Brief: Please reproduce the data exactly, excluding any pictures it contains.

── Entries supplied

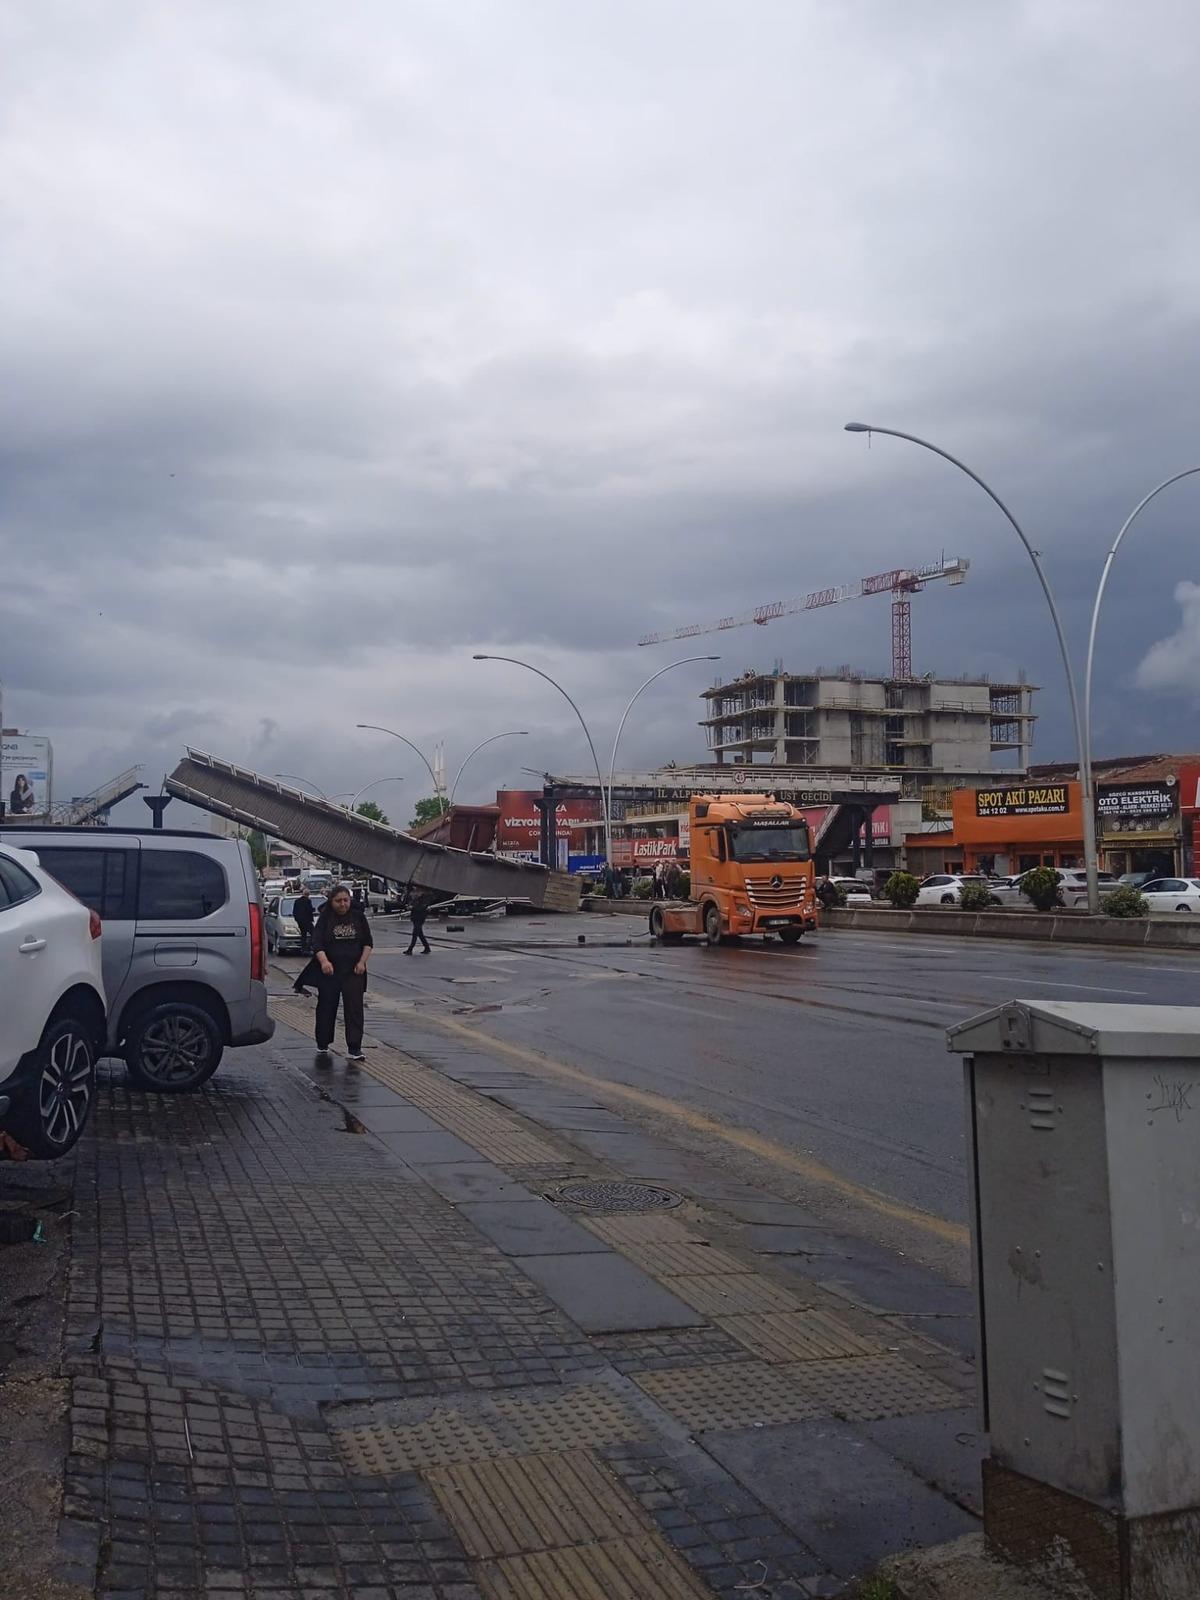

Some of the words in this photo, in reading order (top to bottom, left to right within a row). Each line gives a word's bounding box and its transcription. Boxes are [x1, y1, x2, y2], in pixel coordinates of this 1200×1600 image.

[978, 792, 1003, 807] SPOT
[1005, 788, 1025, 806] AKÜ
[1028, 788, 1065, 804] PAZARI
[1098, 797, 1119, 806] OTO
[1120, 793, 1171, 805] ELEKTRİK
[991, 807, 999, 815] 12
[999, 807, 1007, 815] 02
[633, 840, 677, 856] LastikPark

────

The completed task:
Some of the words in this photo, in reading order (top to bottom, left to right within a row). Each line gives a word's bounding box and its transcription. Boxes are [x1, y1, x2, y2], in pixel coordinates of this 1200×1600 image.

[978, 792, 1003, 807] SPOT
[1005, 788, 1025, 806] AKÜ
[1028, 788, 1065, 804] PAZARI
[1098, 797, 1119, 806] OTO
[1120, 793, 1171, 805] ELEKTRİK
[991, 807, 999, 815] 12
[999, 807, 1007, 815] 02
[633, 840, 677, 856] LastikPark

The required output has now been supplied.